■ WHAT THE TASK REQUIRES: Reproduce the data in full, exactly as given, leaving images out.

(Free-text object descriptions)
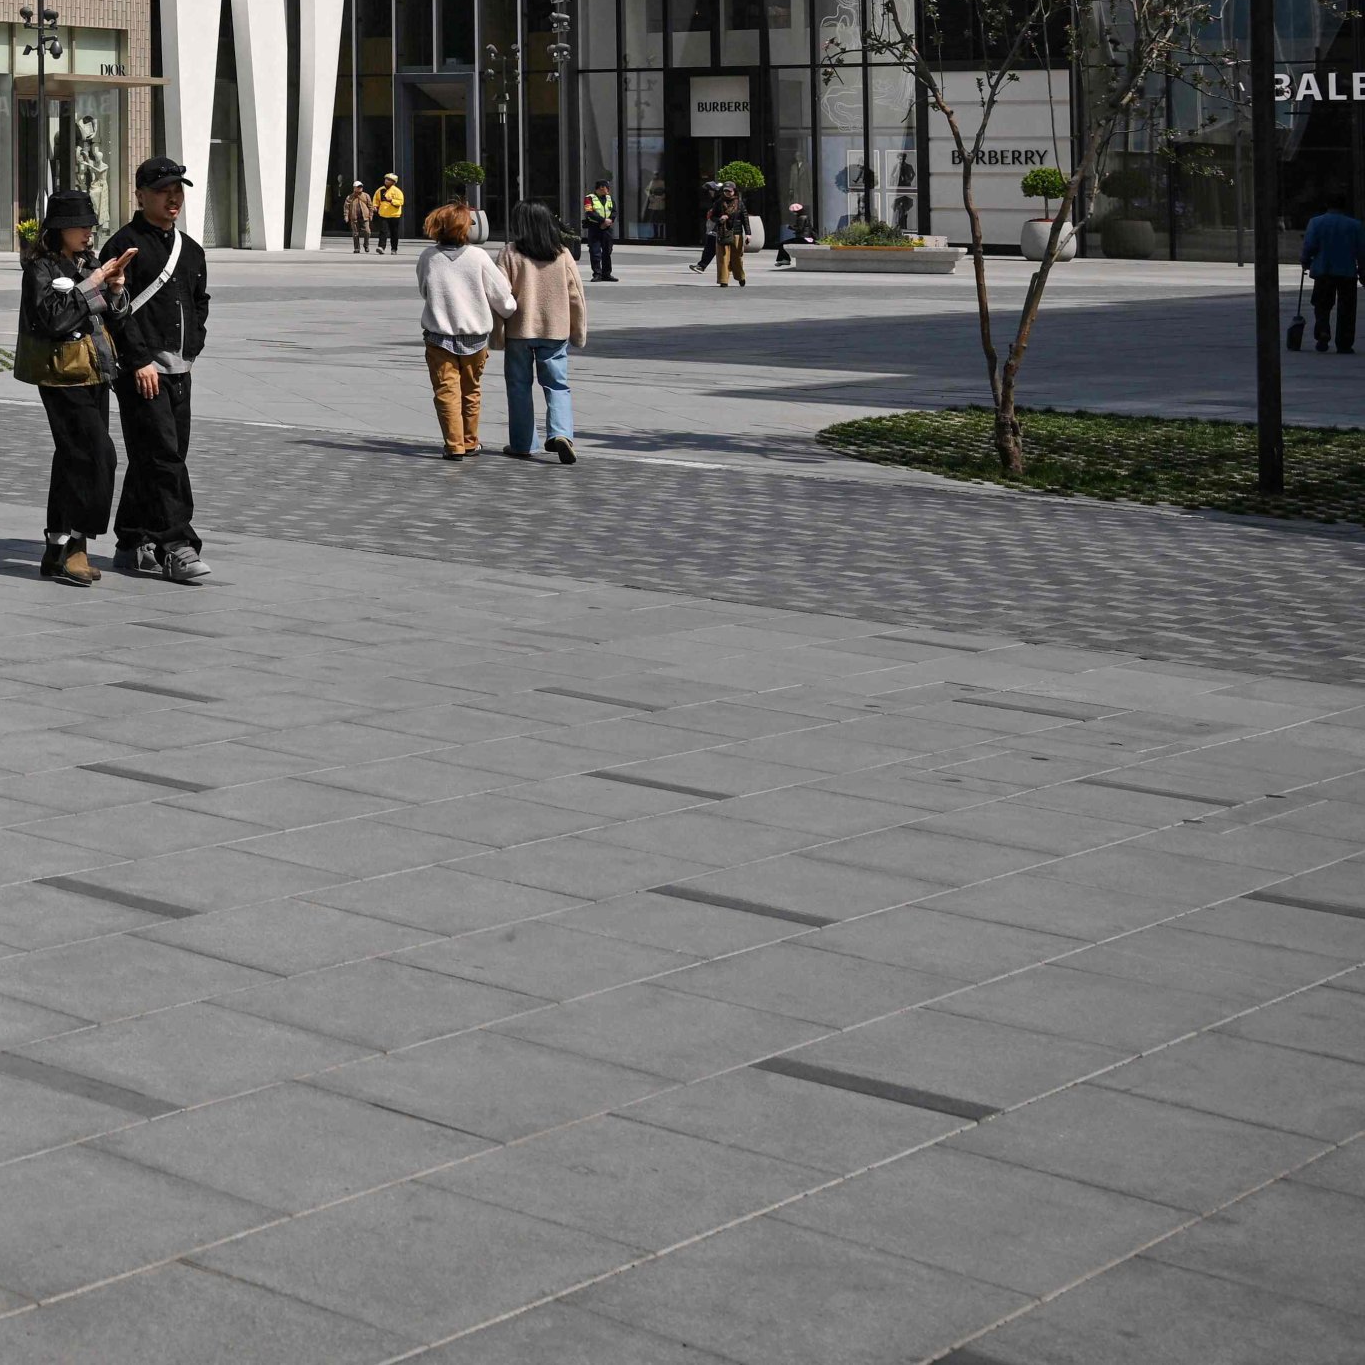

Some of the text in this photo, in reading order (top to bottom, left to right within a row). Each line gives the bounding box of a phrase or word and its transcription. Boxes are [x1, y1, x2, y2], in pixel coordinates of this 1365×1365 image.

[100, 63, 126, 76] DIOR
[697, 101, 750, 112] BURBERR
[951, 149, 1047, 165] BRBERRY
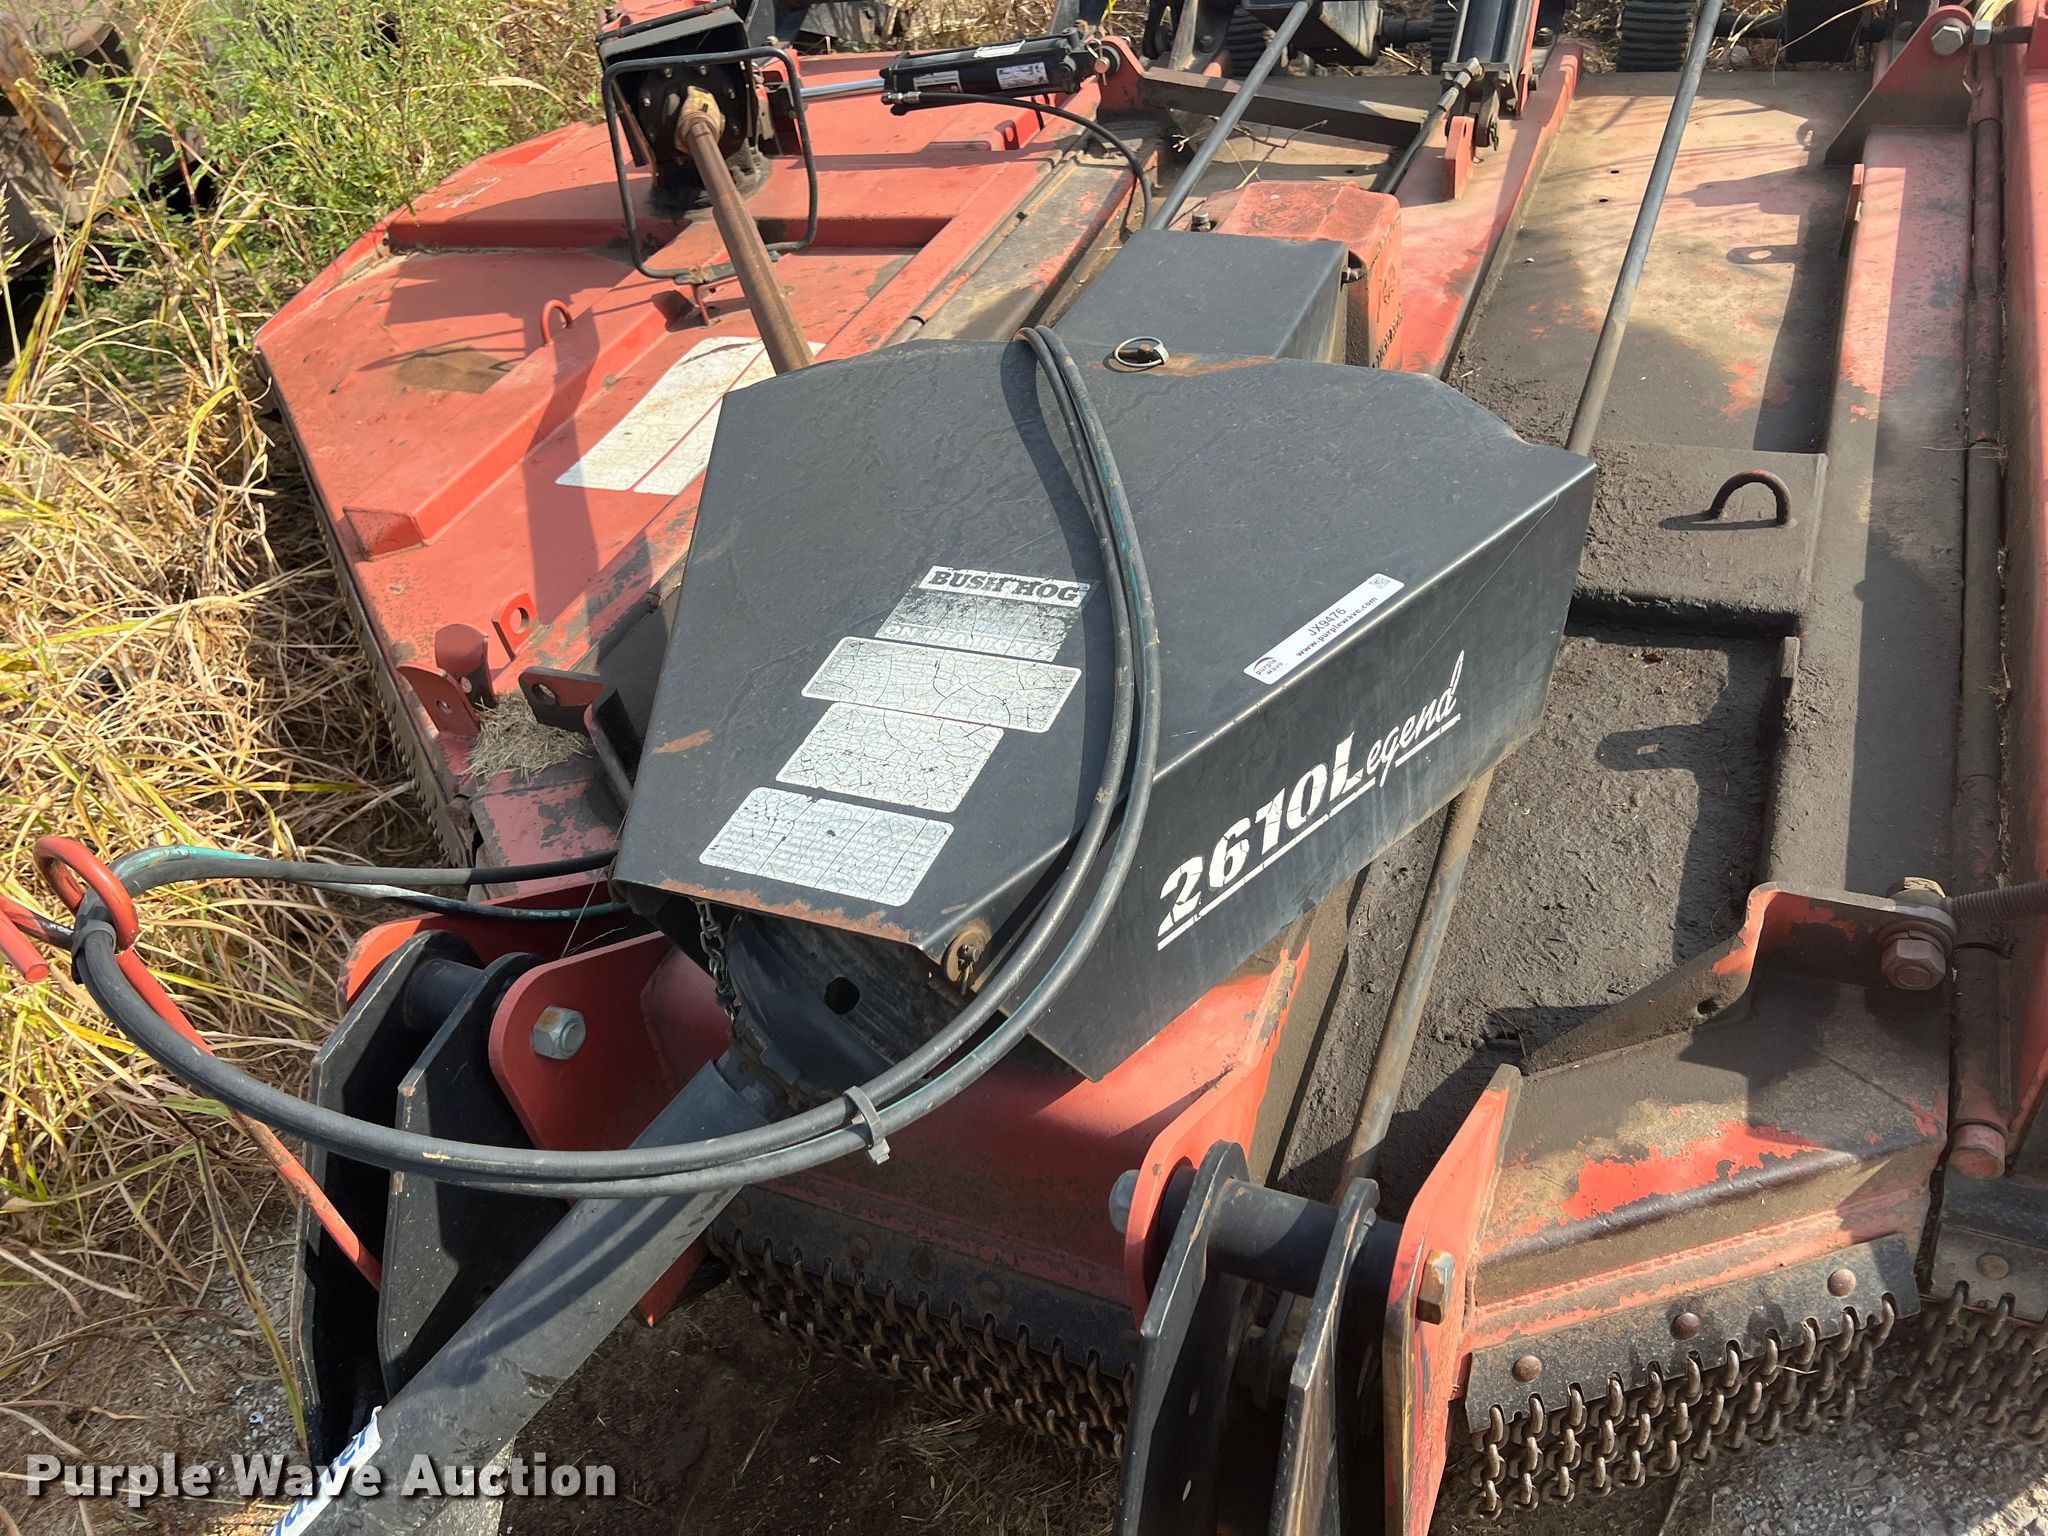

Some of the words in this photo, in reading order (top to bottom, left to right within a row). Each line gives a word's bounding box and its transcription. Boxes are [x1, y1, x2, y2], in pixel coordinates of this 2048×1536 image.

[928, 570, 1006, 593] BUSH
[1011, 579, 1080, 602] HOG
[1296, 596, 1379, 657] www.purplewave.com
[1306, 607, 1347, 637] JX9476
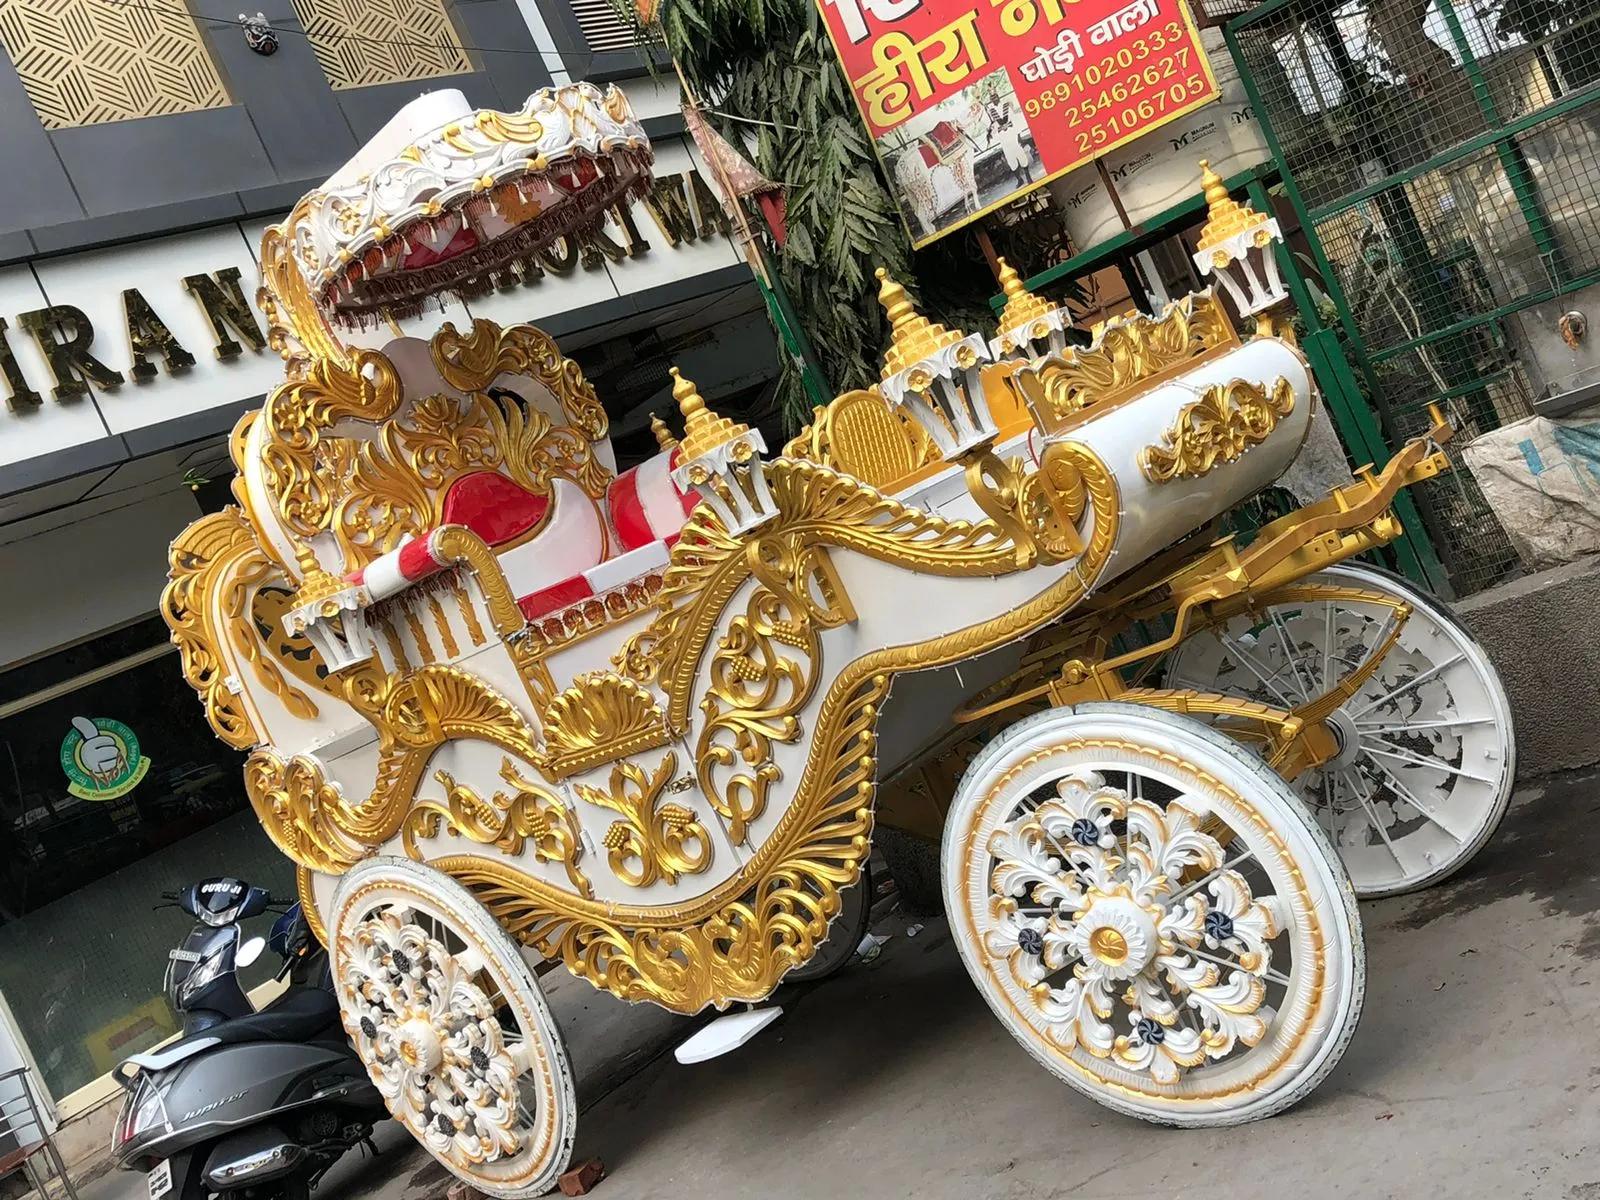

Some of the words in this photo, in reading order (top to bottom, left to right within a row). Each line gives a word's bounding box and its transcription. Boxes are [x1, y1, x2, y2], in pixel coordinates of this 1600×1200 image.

■ PROBLEM SOLUTION:
Some of the text in this photo, in reading order (top to bottom, left to right within a row). Each line gives the bounding box of a phrase or word and its transcription. Boxes are [x1, y1, x2, y2], in pixel coordinates of this 1365×1365 image.

[100, 63, 126, 76] DIOR
[697, 101, 750, 112] BURBERR
[951, 149, 1047, 165] BRBERRY

Some of the words in this photo, in reading order (top to bottom, left to right within a row). Each line gives a word's bounding box and its transcription. Boxes are [x1, y1, x2, y2], in pixel coordinates of this 2048×1536 image.

[928, 570, 1006, 593] BUSH
[1011, 579, 1080, 602] HOG
[1296, 596, 1379, 657] www.purplewave.com
[1306, 607, 1347, 637] JX9476

Some of the words in this photo, in reading order (top to bottom, left to right within a row). Each line gives a word's bounding box and its transcription. Boxes are [x1, y1, x2, y2], in pixel coordinates of this 1600×1200 image.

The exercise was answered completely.